Forty-one years after the publication of Shem’s cult medical novel, The House of God, the doctor has written a sequel, Man’s 4th Best Hospital (Berkley, Nov.; reviewed on p. 85).
Why a sequel now?
I start to write when I live through an unjust, inhuman situation full of “Hey, wait a second” moments. I say to myself, “Someone’s got to write about this, I guess it’s up to me.” This was true of The House of God, about medical training. I always wanted to write a sequel, but I had drifted out of medicine. Five years ago, I chanced to get back into medicine. I was thrilled to see the miracles that medicine can do—but I was also appalled at two things: money and screens, electronic medical records. Which, since the screens are billing machines—means money and money. “Hey, wait a second,” I thought. “Someone’s got to write about this, it’s up to me.”
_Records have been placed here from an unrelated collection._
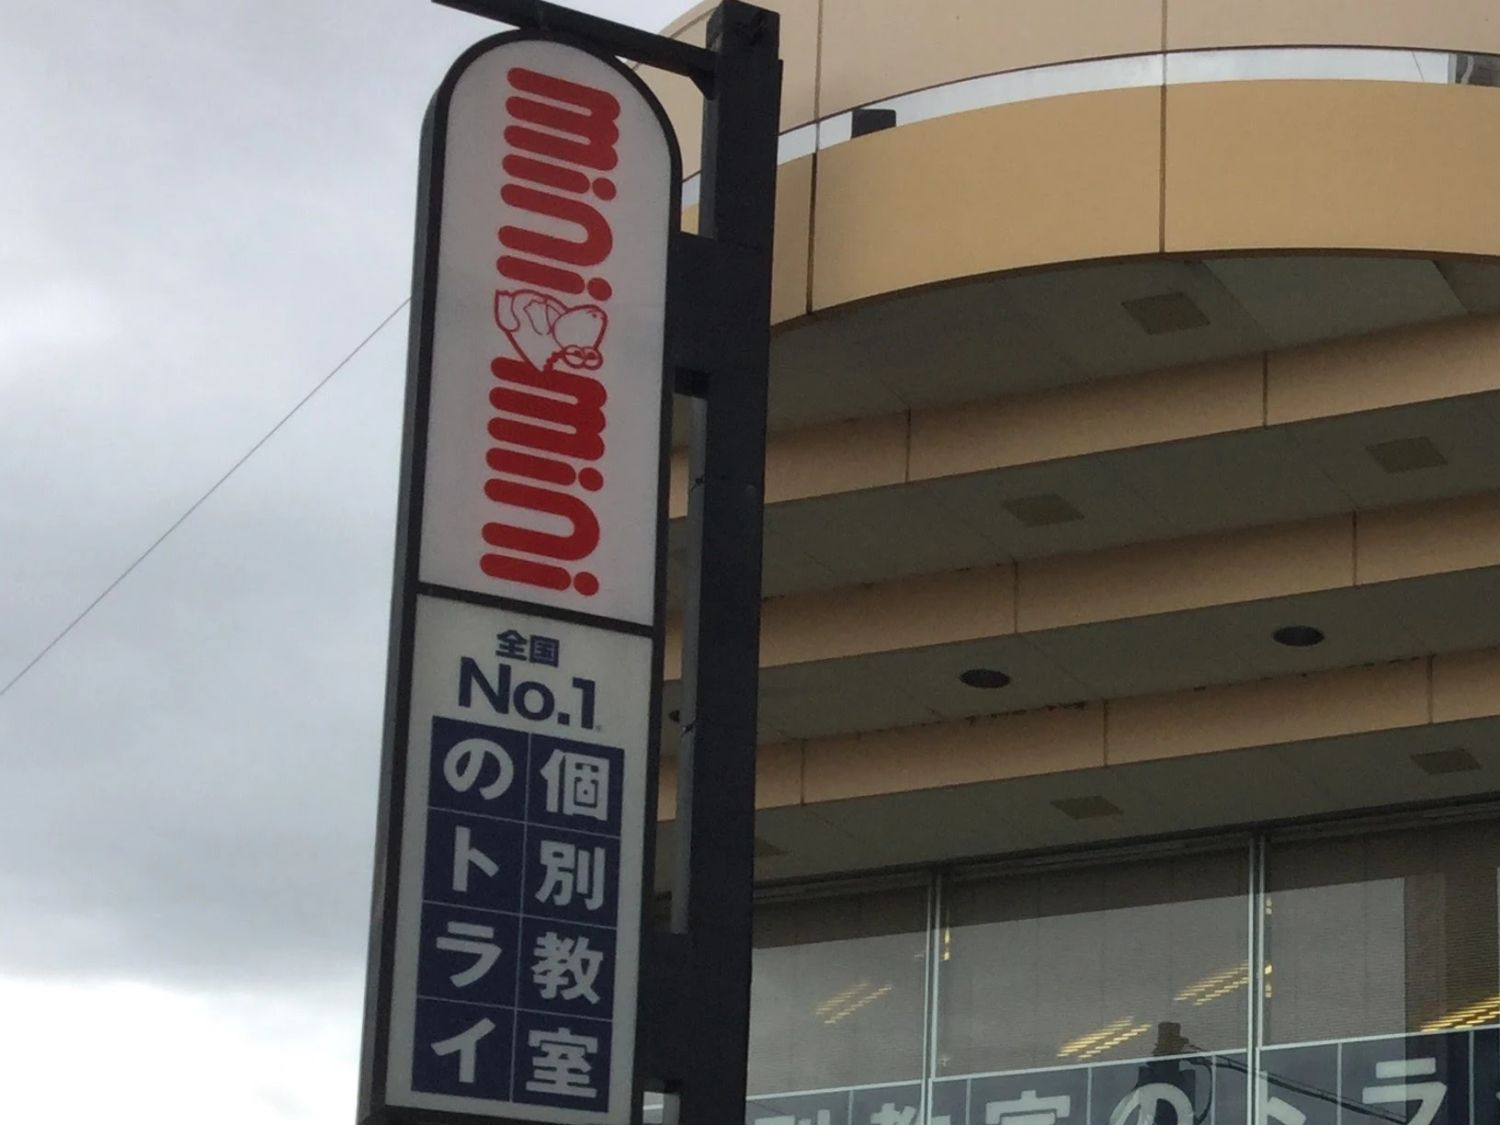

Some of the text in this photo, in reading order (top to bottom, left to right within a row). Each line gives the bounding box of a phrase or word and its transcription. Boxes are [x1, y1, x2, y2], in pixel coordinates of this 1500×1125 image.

[497, 67, 620, 301] mini
[457, 656, 596, 730] No.1
[494, 629, 560, 668] 全国
[429, 737, 515, 1084] のトライ
[526, 748, 611, 1099] 個別教室
Was it difficult to reconnect with characters you originally created in the 1970s?
It was very easy. Six of us—the real-life versions of the characters called Roy, Berry, Chuck, Eat My Dust Eddie, Hyper Hooper, and the Runt—have been pals all along. The Fat Man—the hero of The House, and now of Man’s 4th—was imagined. It was pure joy to watch him write himself again.
How have your characters changed since the original?
In real life, all have become great, brilliant doctors. In 1973, the real House of God was ranked as the #1 medical internship in the U.S. We were not chopped liver. Over the years, life happened, but we kept living our core of integrity and kindness. As products of the ’60s, we have lived with a certain creative activism—the faith that medicine, and life, can be better. I started with the changes in the real people and kept them in character, but put them in a wholly imagined story.
Have you always wanted to be a writer?
Yes, but I failed the Harvard writing course, and wrote nothing for four years until I was a Rhodes Scholar at Oxford. After three years there, I faced an easy choice: Vietnam or Harvard Med. I went to med school to learn a day job, so I wouldn’t have to write for money. I had never tried writing a novel until life insisted, in The House of God.
Were you surprised at how influential The House of God was and continues to be?
I knew that I had told the truth, one step off real, riding on humor and sex, and I knew my generation of docs would read it. Years ago, NYU Medical School brought me in to teach it—its human core still resonates, down three generations.
Will there be a sequel to Man’s 4th Best Hospital?
If I get another “Hey wait a second” moment, you bet.